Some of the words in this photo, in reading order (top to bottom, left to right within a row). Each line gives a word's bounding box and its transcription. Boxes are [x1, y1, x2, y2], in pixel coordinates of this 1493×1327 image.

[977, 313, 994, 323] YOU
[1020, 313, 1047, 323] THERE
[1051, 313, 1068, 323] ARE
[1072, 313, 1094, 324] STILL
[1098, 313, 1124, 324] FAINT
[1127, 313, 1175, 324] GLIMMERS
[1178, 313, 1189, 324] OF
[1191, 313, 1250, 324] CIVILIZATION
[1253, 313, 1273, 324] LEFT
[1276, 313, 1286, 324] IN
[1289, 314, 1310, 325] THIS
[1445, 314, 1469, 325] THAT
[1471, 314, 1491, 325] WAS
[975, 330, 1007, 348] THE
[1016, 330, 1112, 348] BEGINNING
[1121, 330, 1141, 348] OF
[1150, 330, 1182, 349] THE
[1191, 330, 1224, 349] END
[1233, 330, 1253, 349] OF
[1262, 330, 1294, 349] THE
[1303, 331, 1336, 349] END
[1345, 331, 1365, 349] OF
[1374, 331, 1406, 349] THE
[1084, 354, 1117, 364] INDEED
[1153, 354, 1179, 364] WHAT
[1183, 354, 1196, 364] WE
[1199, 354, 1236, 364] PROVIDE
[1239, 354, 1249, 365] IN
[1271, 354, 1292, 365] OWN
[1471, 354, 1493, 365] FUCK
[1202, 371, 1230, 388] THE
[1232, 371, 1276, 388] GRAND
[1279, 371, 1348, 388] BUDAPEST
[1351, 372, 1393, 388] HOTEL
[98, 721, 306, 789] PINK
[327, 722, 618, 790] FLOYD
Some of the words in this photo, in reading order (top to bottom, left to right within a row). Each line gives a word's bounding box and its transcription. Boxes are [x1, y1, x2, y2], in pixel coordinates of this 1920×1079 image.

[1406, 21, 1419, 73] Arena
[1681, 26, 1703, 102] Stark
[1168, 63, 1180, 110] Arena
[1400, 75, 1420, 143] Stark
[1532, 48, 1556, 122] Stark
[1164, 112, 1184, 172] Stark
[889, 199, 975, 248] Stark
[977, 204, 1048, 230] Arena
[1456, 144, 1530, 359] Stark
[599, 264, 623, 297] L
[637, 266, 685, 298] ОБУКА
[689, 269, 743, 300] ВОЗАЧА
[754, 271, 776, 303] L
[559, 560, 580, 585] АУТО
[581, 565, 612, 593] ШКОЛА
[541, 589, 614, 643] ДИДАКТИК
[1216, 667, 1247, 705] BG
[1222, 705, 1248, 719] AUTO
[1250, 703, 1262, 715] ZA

■ TASK INSTRUCTIONS: Your output should consist only of the lines from the one containing "this 1920×1079 image." to the end of the records above, each retyped exactly.

■ WRITTEN REPLY:
Some of the words in this photo, in reading order (top to bottom, left to right within a row). Each line gives a word's bounding box and its transcription. Boxes are [x1, y1, x2, y2], in pixel coordinates of this 1920×1079 image.

[1406, 21, 1419, 73] Arena
[1681, 26, 1703, 102] Stark
[1168, 63, 1180, 110] Arena
[1400, 75, 1420, 143] Stark
[1532, 48, 1556, 122] Stark
[1164, 112, 1184, 172] Stark
[889, 199, 975, 248] Stark
[977, 204, 1048, 230] Arena
[1456, 144, 1530, 359] Stark
[599, 264, 623, 297] L
[637, 266, 685, 298] ОБУКА
[689, 269, 743, 300] ВОЗАЧА
[754, 271, 776, 303] L
[559, 560, 580, 585] АУТО
[581, 565, 612, 593] ШКОЛА
[541, 589, 614, 643] ДИДАКТИК
[1216, 667, 1247, 705] BG
[1222, 705, 1248, 719] AUTO
[1250, 703, 1262, 715] ZA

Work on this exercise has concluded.